– Я тоже не верю в предсказания, – скороговоркой выпаливает Патрия. Эта сестрица всегда была такой же религиозной, как мама. – Но папа вовсе не предсказывает судьбу.
Минерва горячо соглашается.
– Вот именно! Папа просто верует в то, что считает нашими сильными сторонами. – Она особо выделяет глагол «верует», будто отец как благочестивый христианин просто волнуется о будущем своих дочерей. – Так ведь, папа?
– Sí, señorita[11], – невнятно произносит папа с отрыжкой. Пора бы уже всем возвращаться в дом.
– А еще, – добавляет Минерва, – падре Игнасио осуждает предсказания, только если человек считает, что ему дано знать то, что известно одному лишь Богу.
Этой девчонке палец в рот не клади.
– Кто-то возомнил себя самым умным, – отрывисто говорит мама.
Мария Тереса защищает обожаемую старшую сестру:
– Но это же совсем не грех, мама. Берто и Рауль привезли из Нью-Йорка одну игру. Падре Игнасио с нами в нее играл. Это такая доска с буквами и специальным стеклышком: ты его двигаешь – и оно предсказывает будущее!
Все смеются, даже мама, потому что голосок Марии Тересы умилительно срывается от волнения. Малышка внезапно замолкает, надув губы. Ее чувства так легко ранить. Минерва подбадривает ее, и она продолжает тоненьким голоском.
– Я спросила у говорящей доски, кем я стану, когда вырасту, и она ответила: юристом.
На этот раз все сдерживают смех, хоть Мария Тереса, как попугайчик, повторяет планы старшей сестры: Минерва многие годы с пылом твердит, что хочет поступить на юридический факультет.
– Ай, Dios mío[12], опять двадцать пять, – вздыхает мама, но игривость возвращается в ее голос. – Только этого нам не хватало, юбки в суде!
– Да, и это именно то, чего не хватает нашей стране. – В голосе Минервы звучит стальная уверенность, которая появляется всякий раз, когда она говорит о политике – а в последнее время она говорит об этом постоянно.
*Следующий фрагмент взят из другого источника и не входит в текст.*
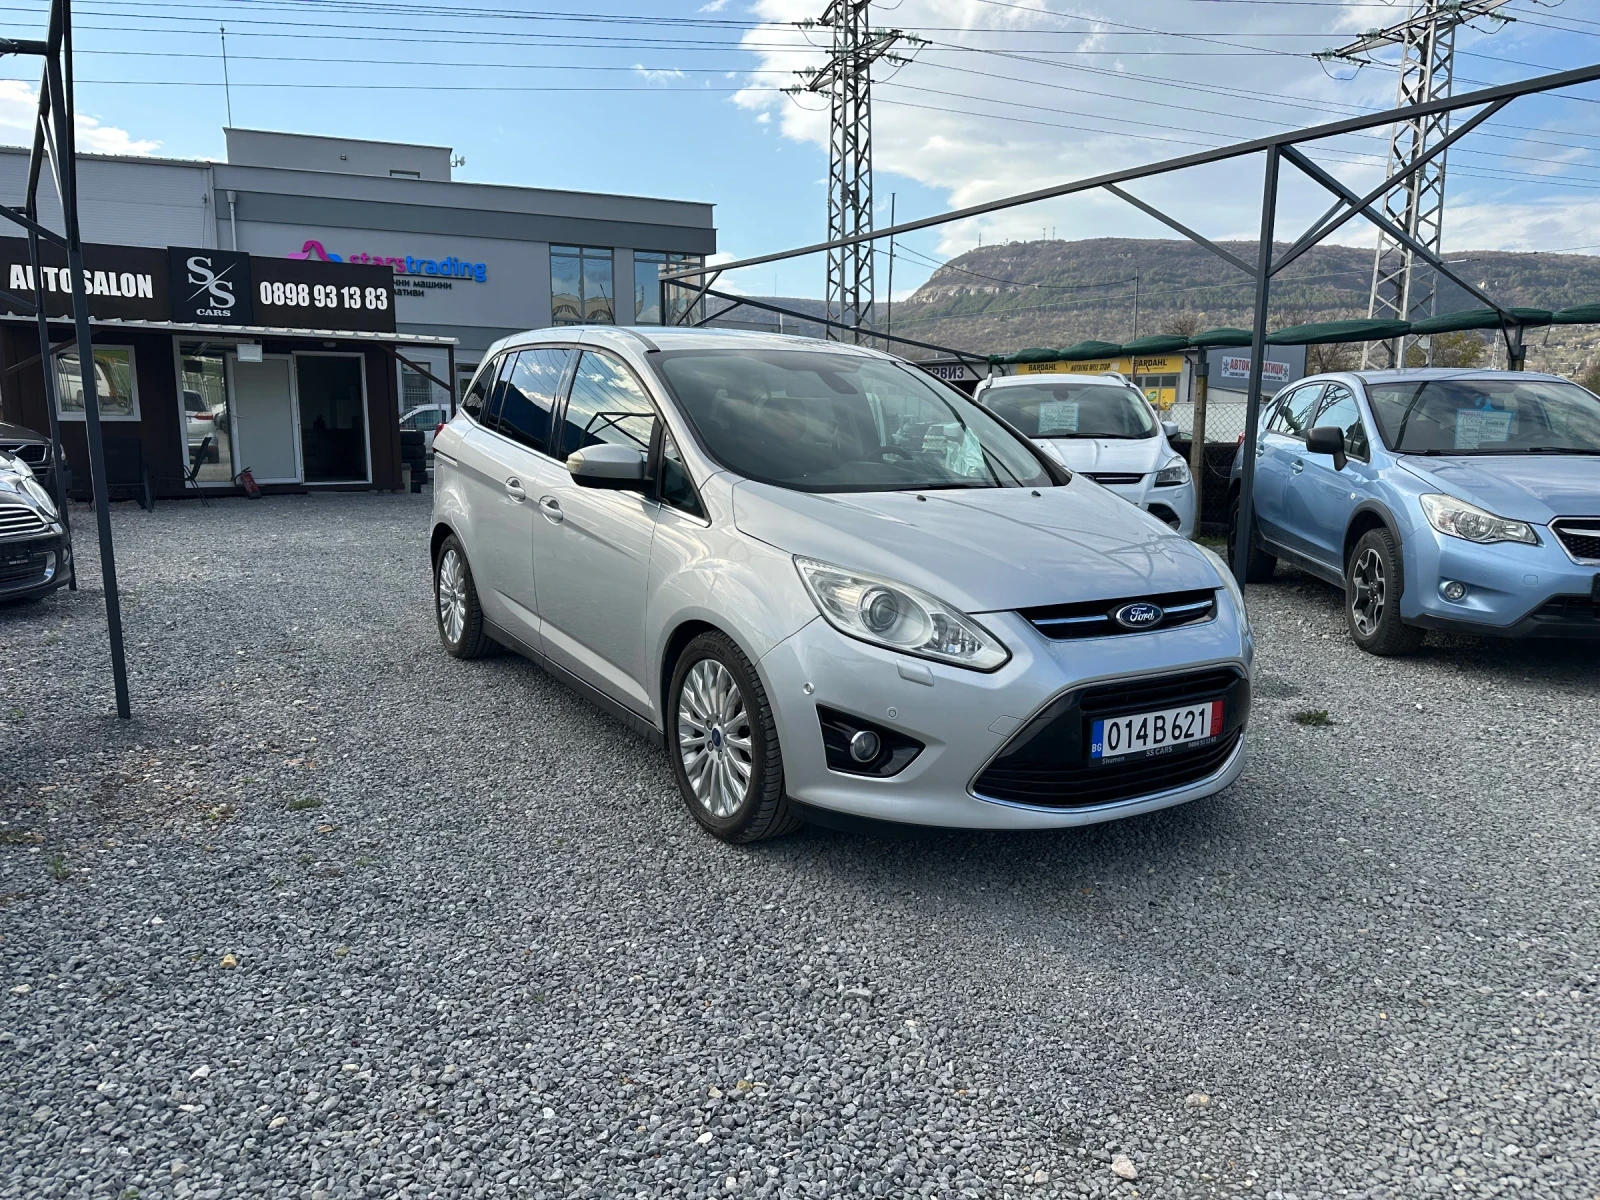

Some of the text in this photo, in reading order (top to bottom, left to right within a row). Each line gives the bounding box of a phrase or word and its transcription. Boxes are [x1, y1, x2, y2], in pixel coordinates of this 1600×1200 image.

[350, 252, 486, 282] starstrading
[413, 280, 452, 290] машини
[259, 281, 388, 310] 0898 93 13 83
[196, 308, 231, 317] CARS
[1028, 363, 1058, 374] BARDAHL
[1134, 358, 1168, 372] BARDAHL
[1130, 607, 1155, 622] Ford
[1092, 743, 1103, 753] BG
[1107, 708, 1206, 751] 014B621
[1145, 746, 1173, 757] SS CARS
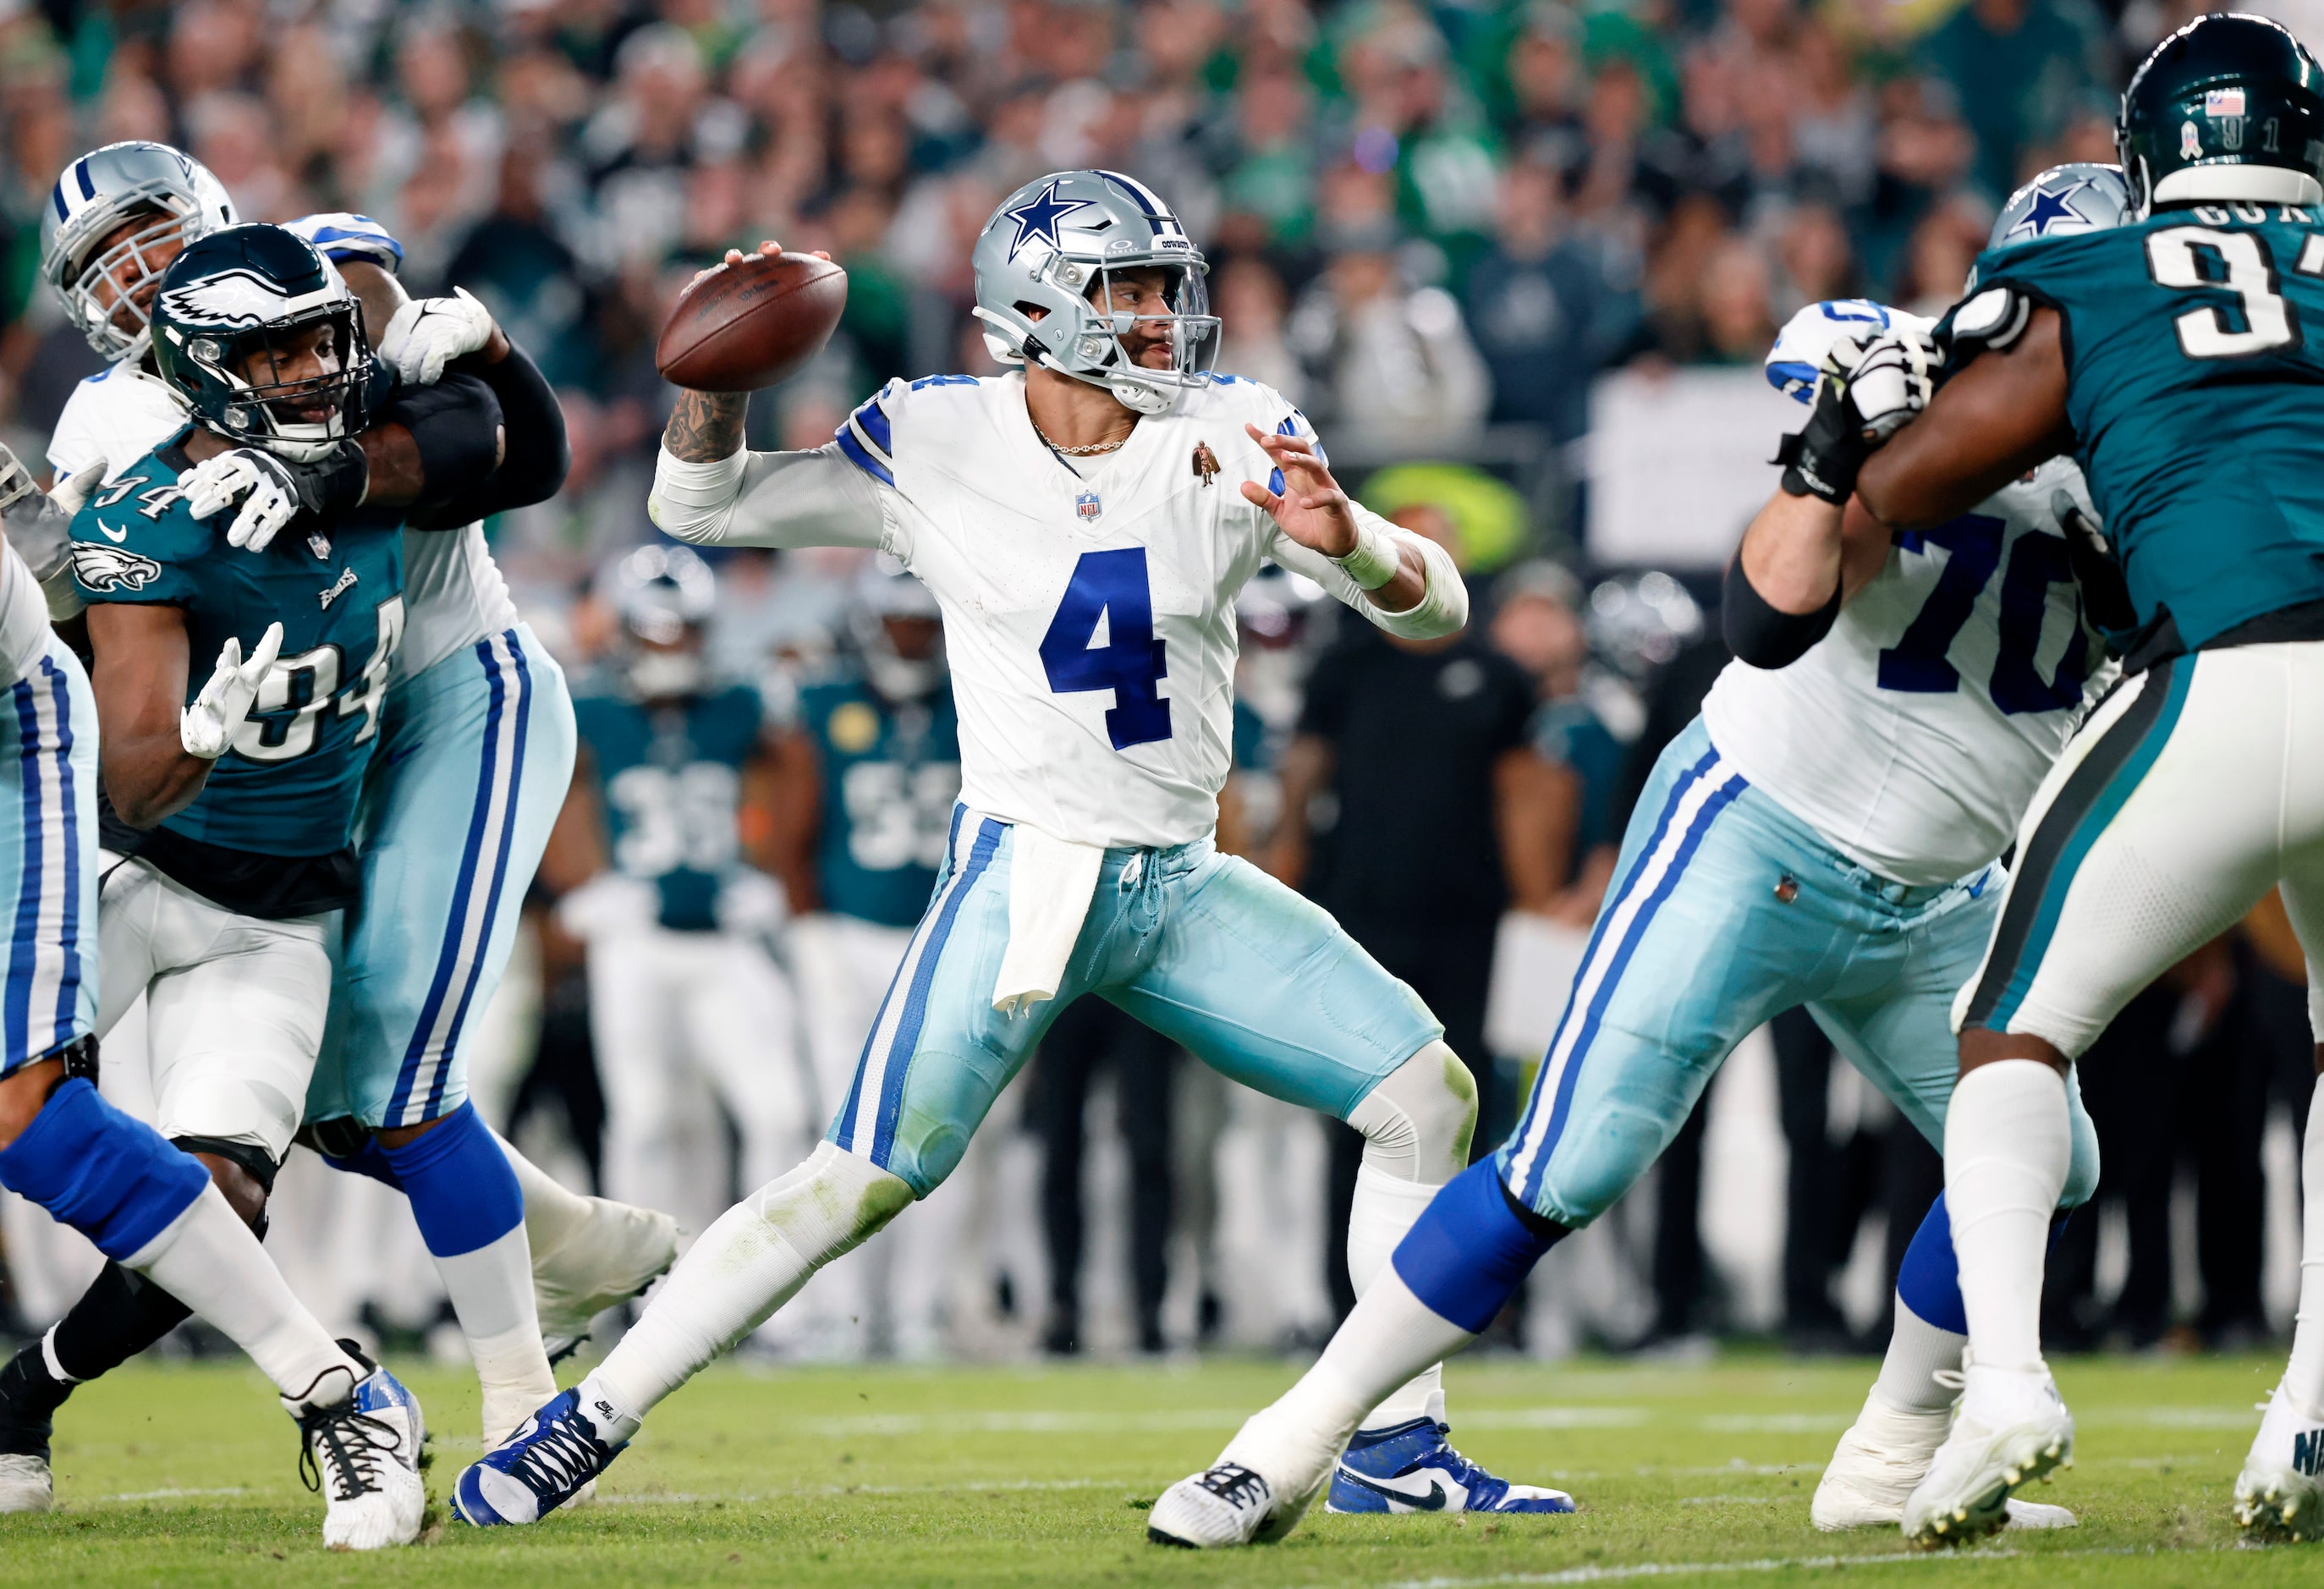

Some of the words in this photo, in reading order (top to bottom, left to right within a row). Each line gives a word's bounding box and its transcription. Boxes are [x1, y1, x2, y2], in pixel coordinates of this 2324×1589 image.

[2143, 224, 2324, 359] 9
[228, 591, 408, 762] 94
[1038, 546, 1173, 751] 4
[1877, 512, 2089, 717] 70
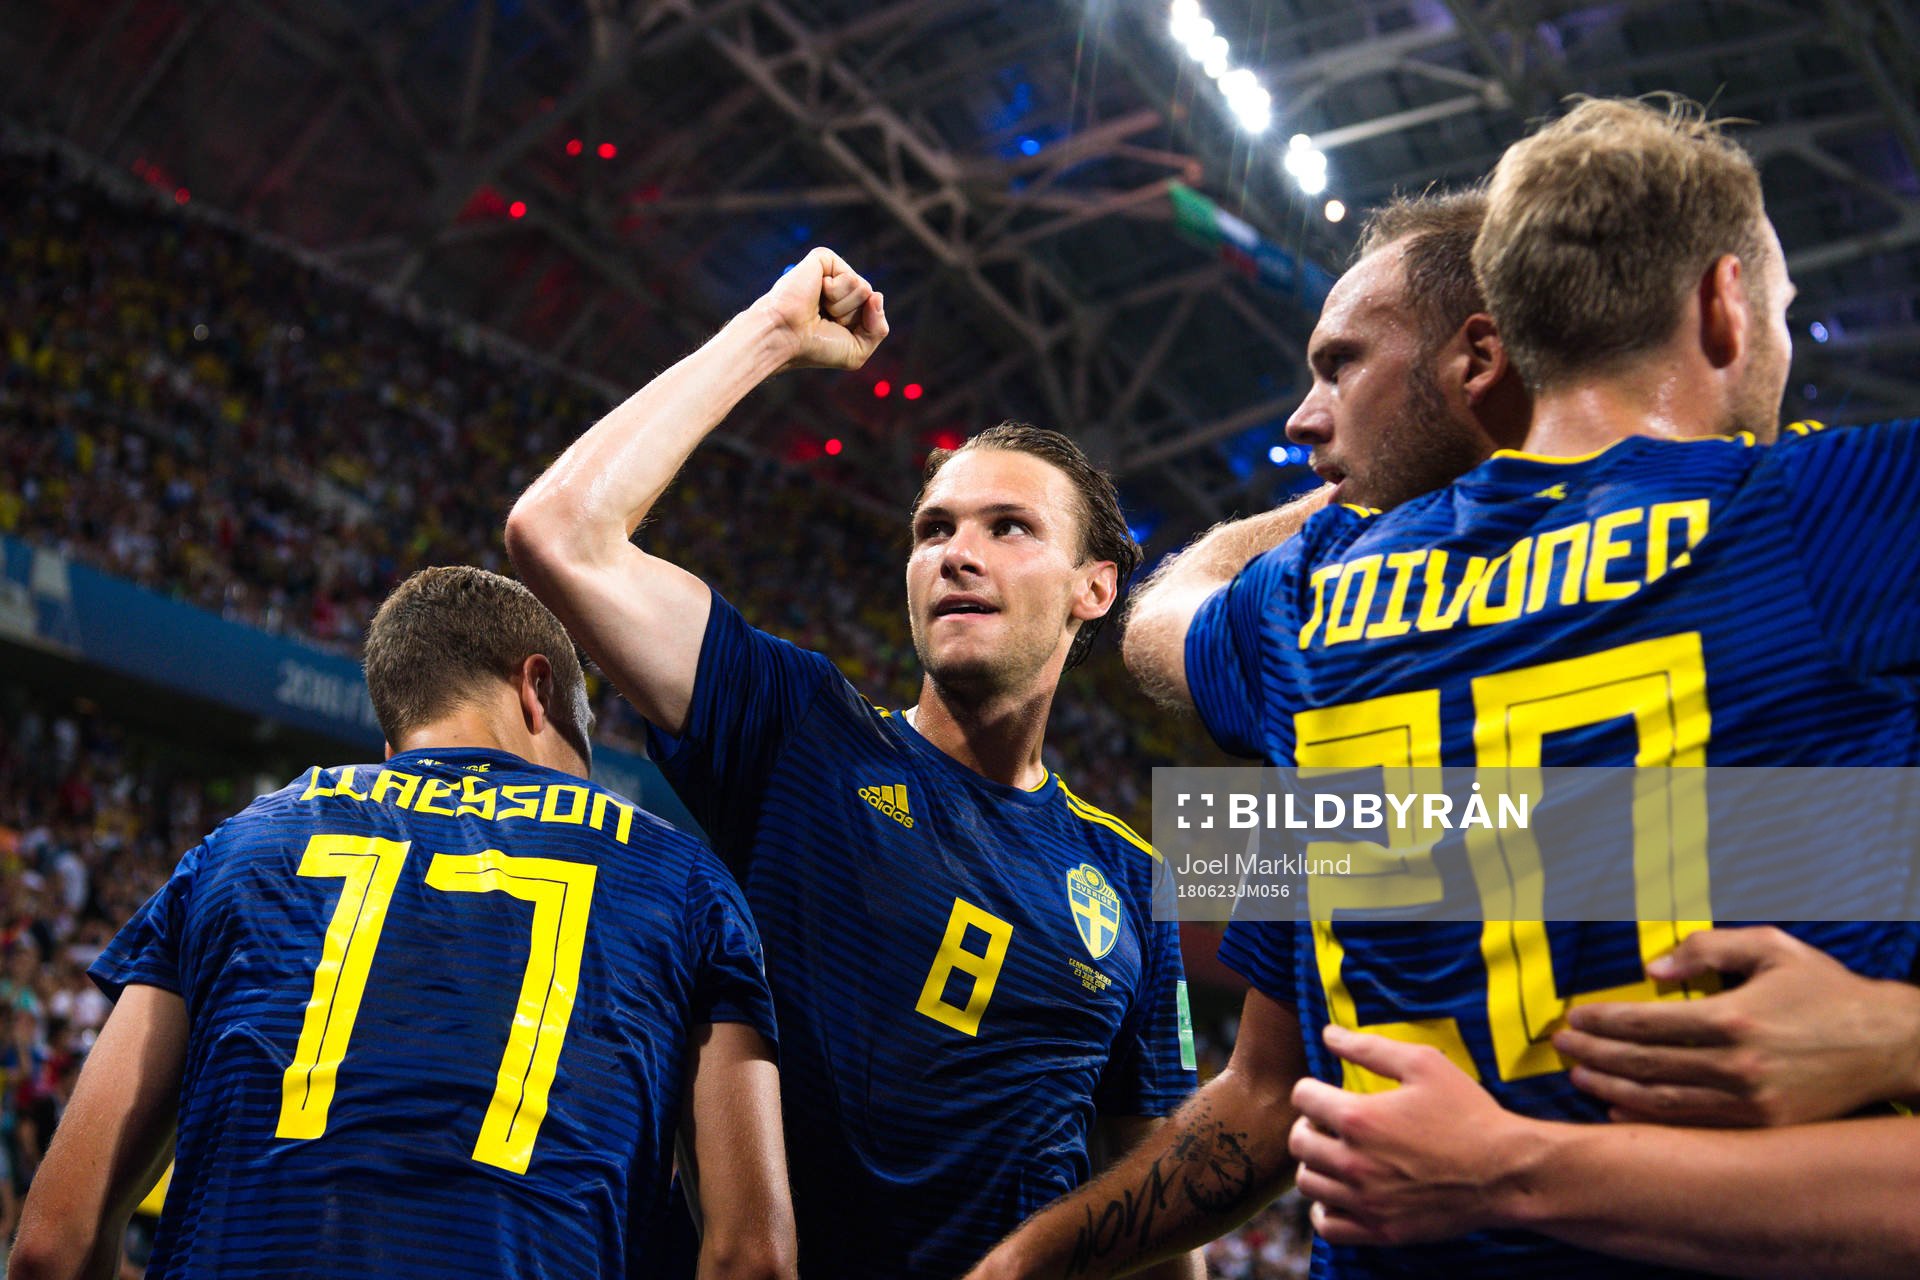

Мама считает, что она слишком много общается с этой девчонкой, Перосо. – Настало время, когда мы, женщины, получили голос в управлении страной.
– Ага, вы и Трухильо, – говорит папа чуть громче, чем следовало, и в эту ясную мирную ночь каждый из них погружается в свои мысли. Внезапно темнота заполняется шпионами, которым платят за то, чтобы подслушивать и докладывать в службу безопасности: дон Энрике утверждает, что Трухильо нужна помощь в управлении страной. Дочь дона Энрике заявляет, что пришло время женщинам взять управление в свои руки. Слова повторяют, слова искажают, слова воспроизводят те, кто мог затаить на них обиду, слова сшивают с другими словами, до тех пор, пока не образуется саван, под которым будут похоронены сестры, когда их тела найдут в канаве с отрезанными языками – за то, что слишком много говорили.
Вдруг тишину нарушают крупные капли дождя, хотя ночь по-прежнему ясна, как колокольный звон, – все начинают суетиться, спешно собирая напитки и пледы с кресел-качалок, которые позже занесет в дом кто-нибудь из работников. Мария Тереса визжит, наступив на камень.
– Я подумала, это el cuco![13] – голосит она.
Когда Деде помогает отцу подняться по лестнице галереи, до нее доходит, что единственным будущим, которое он действительно предсказал, было ее будущее. Марию Тересу он просто дразнил, а до Минервы и Патрии так и не добрался из-за неодобрения мамы. У Деде по спине пробегает холодок, и она чувствует всем существом: будущее начинается прямо сейчас. Совсем скоро оно закончится и станет прошлым, и она отчаянно не желает быть единственной, кто останется, чтобы рассказать их историю.